(Given entries):
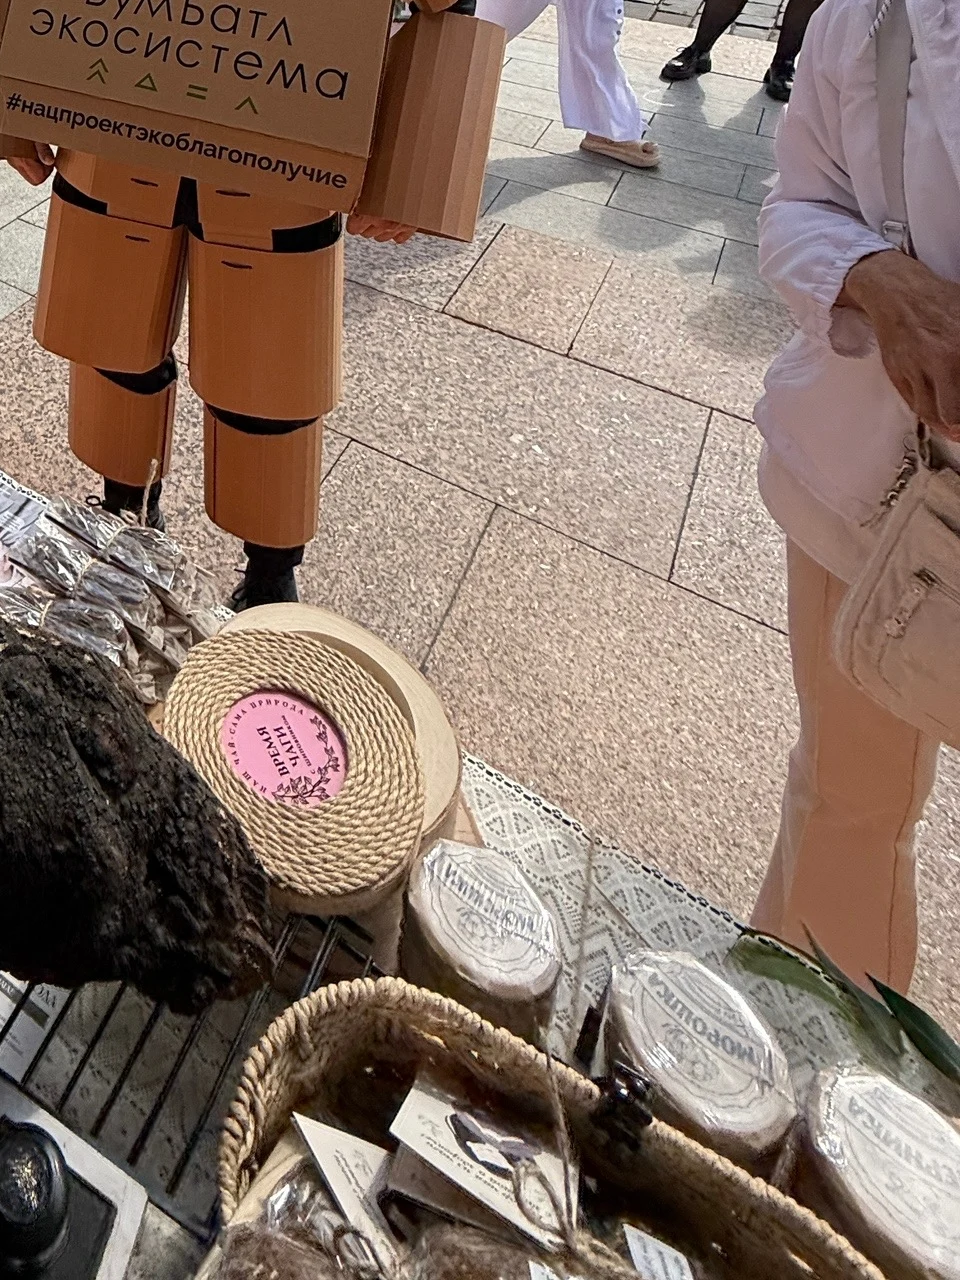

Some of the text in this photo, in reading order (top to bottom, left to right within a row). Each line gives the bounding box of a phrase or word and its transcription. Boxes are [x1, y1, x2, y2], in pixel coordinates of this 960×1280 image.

[28, 8, 350, 102] экосистема
[6, 91, 348, 190] #нацпроектэкоблагополучие
[249, 698, 305, 716] ПРИРОДА
[256, 726, 291, 777] ВРЕМЯ
[273, 725, 298, 767] ЧАГИ
[281, 714, 313, 767] ШИПОВНИКОМ
[241, 769, 268, 795] НАШ
[646, 970, 761, 1073] МОРОШКА
[848, 1095, 960, 1190] ЕРНИКА

(Work instructions): Make an exact copy of the data above, pictures excluded.

(Task solution):
Some of the text in this photo, in reading order (top to bottom, left to right within a row). Each line gives the bounding box of a phrase or word and its transcription. Boxes are [x1, y1, x2, y2], in pixel coordinates of this 960×1280 image.

[28, 8, 350, 102] экосистема
[6, 91, 348, 190] #нацпроектэкоблагополучие
[249, 698, 305, 716] ПРИРОДА
[256, 726, 291, 777] ВРЕМЯ
[273, 725, 298, 767] ЧАГИ
[281, 714, 313, 767] ШИПОВНИКОМ
[241, 769, 268, 795] НАШ
[646, 970, 761, 1073] МОРОШКА
[848, 1095, 960, 1190] ЕРНИКА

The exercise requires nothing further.